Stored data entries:
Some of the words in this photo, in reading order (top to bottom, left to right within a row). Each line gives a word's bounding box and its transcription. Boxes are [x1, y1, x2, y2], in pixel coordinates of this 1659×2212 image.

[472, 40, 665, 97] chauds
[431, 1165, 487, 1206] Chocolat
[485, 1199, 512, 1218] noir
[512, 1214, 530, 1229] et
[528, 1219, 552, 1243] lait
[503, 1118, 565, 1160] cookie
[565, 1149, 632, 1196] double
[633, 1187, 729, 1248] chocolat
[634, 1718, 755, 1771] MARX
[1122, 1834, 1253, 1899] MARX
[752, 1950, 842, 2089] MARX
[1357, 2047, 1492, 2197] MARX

=== Description of the task ===
Take the records above and write each one out again exactly.

=== Reply ===
Some of the words in this photo, in reading order (top to bottom, left to right within a row). Each line gives a word's bounding box and its transcription. Boxes are [x1, y1, x2, y2], in pixel coordinates of this 1659×2212 image.

[472, 40, 665, 97] chauds
[431, 1165, 487, 1206] Chocolat
[485, 1199, 512, 1218] noir
[512, 1214, 530, 1229] et
[528, 1219, 552, 1243] lait
[503, 1118, 565, 1160] cookie
[565, 1149, 632, 1196] double
[633, 1187, 729, 1248] chocolat
[634, 1718, 755, 1771] MARX
[1122, 1834, 1253, 1899] MARX
[752, 1950, 842, 2089] MARX
[1357, 2047, 1492, 2197] MARX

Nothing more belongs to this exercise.